Painkiller overdose deaths top those from heroin and cocaine

Almost everything I know about chronic pain I learned while working in hospice palliative care, where pain management was one of the most important components in easing the end-of-life suffering of our patients.  But even before then, one April morning in 1983, I listened to my father’s oncologist tell our family:

 We are reluctant to give him morphine for his pain because it’s addictive.”   

My Dad, who had been diagnosed with metastatic lung cancer, died nine hours after that pronouncement. But at least he wasn’t an addict when he died. 

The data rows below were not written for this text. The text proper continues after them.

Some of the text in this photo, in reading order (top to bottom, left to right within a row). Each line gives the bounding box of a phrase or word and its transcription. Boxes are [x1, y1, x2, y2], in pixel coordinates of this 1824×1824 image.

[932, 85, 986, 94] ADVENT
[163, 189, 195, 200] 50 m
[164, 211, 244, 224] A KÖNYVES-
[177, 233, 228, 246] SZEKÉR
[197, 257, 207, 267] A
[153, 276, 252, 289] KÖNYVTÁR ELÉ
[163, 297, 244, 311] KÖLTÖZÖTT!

Almost 20 years later when I started working in hospice palliative care, I learned that palliative care physicians refer to this pervasive reluctance to prescribe opioids for intractable pain as “The Morphine Myth”.  Most research on opioids, they explained to me, had been done on addicts, not on pain patients. They further explained that the brain’s neural mechanisms that mediate the reinforcement of addiction appear to be distinct from those involved in analgesia or pain relief. But as a result of doctors’ lack of specialized knowledge of pain management, many dying patients who lack the support of skilled palliative care providers are being essentially abandoned, forced to tolerate intolerable pain because of their physicians’ ignorance of adequate pain management strategies.

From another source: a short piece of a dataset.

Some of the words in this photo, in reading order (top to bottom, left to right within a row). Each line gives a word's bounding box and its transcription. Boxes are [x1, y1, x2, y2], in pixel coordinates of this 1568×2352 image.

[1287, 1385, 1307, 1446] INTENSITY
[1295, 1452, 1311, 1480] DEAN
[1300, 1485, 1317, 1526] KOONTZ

This ignorance is inexcusable in all end-of-life care, and can lead to a highly charged war between worried doctors on one side and anguished patients and their family members on the other.

But a recent article published by investigative journalists over at Pulitzer-Prize winning ProPublica exposes a unique side of the painkiller wars that has nothing to do with end-of-life pain.

The ProPublica report examines the current epidemic of overdose deaths linked to painkillers including hydrocodone (Vicodin), methadone, oxycodone (OxyContin), oxycodone with paracetamol/acetaminophen (Percocet), and oxymorphone (Opana). These fatal overdoses often involve mixing painkillers with other prescription drugs – for example Klonopin, Xanax, Valium or another benzodiazepines, which are the second most lethal class.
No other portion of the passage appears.